Hammer v. Dagenhart 1918
Hammer v. Dagenhart 1918
Appellant: W.C. Hammer, U.S. Attorney for the Western District of North Carolina
Appellee: Roland Dagenhart
Chief Lawyers for Appellant: John W. Davis, U.S. Solicitor General; Roscoe Pound, Dean of Harvard Law School
Chief Lawyer for Appellee: Junius Parker
Date of Decision: June 3, 1918
Decision: Ruled in favor of Dagenhart by finding that Congress had no authority under the Commerce Clause to restrict manufacturing activities involving children.

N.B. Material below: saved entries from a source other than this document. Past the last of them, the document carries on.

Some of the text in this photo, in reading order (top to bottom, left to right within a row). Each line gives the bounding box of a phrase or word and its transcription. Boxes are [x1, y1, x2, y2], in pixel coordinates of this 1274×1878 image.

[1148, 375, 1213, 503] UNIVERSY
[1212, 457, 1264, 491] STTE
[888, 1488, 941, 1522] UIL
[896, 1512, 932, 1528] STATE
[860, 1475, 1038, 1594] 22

Significance: The decision was a strong statement in favor of state powers. The Court continued taking unpopular positions on attempts by the federal government to regulate business and protect workers' rights. Though another child labor law was overturned again four years later, by the late 1930s protection of children in the workplace finally became accepted by the courts.

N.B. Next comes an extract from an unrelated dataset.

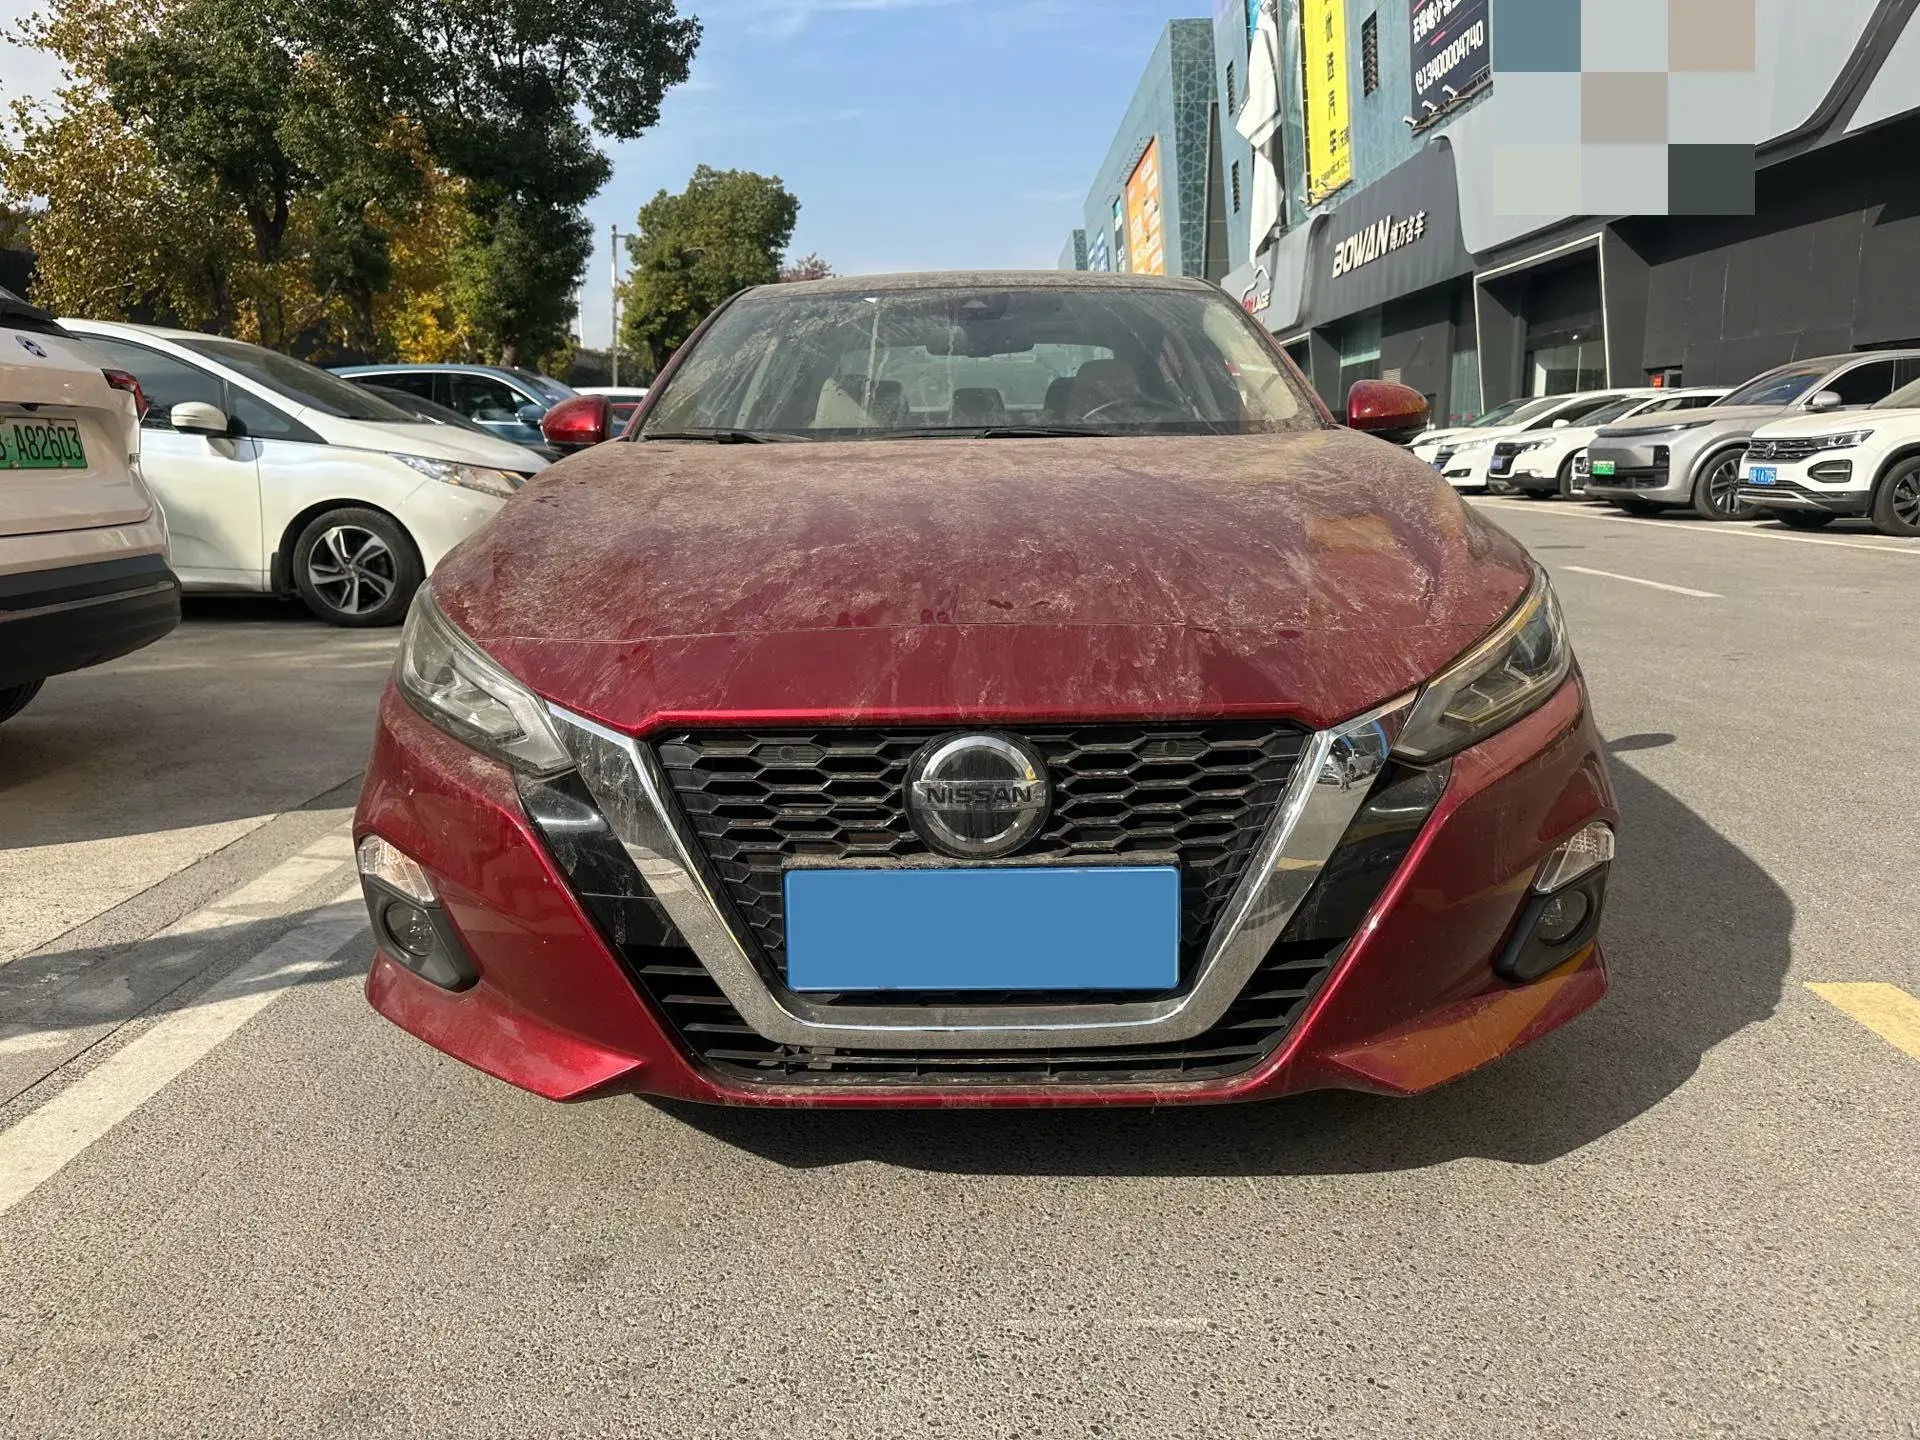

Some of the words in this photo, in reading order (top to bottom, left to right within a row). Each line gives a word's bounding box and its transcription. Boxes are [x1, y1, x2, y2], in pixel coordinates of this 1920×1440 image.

[1421, 20, 1484, 90] 13400004740
[1332, 215, 1391, 279] BOWAN
[926, 785, 1032, 805] NISSAN

With expansion of industrialization in the late nineteenth century, conditions for workers on the job were often harsh. The Supreme Court justices during this time largely believed in the idea of laisse-faire economy, meaning business and industry were free to grow largely unaffected by government regulation. This position led to many unpopular Court decisions blocking government regulation and efforts to promote workers' rights.
In the absence of child labor laws, many children worked long hours at difficult and dangerous jobs in mines and factories and on farms. In 1900, one out of every six children between the ages of ten and fifteen worked for money. Often jobs required children to work ten or more hours a day and paid only a few cents an hour. Chief among these was the South's growing textile industry which heavily relied on the cheap labor of children.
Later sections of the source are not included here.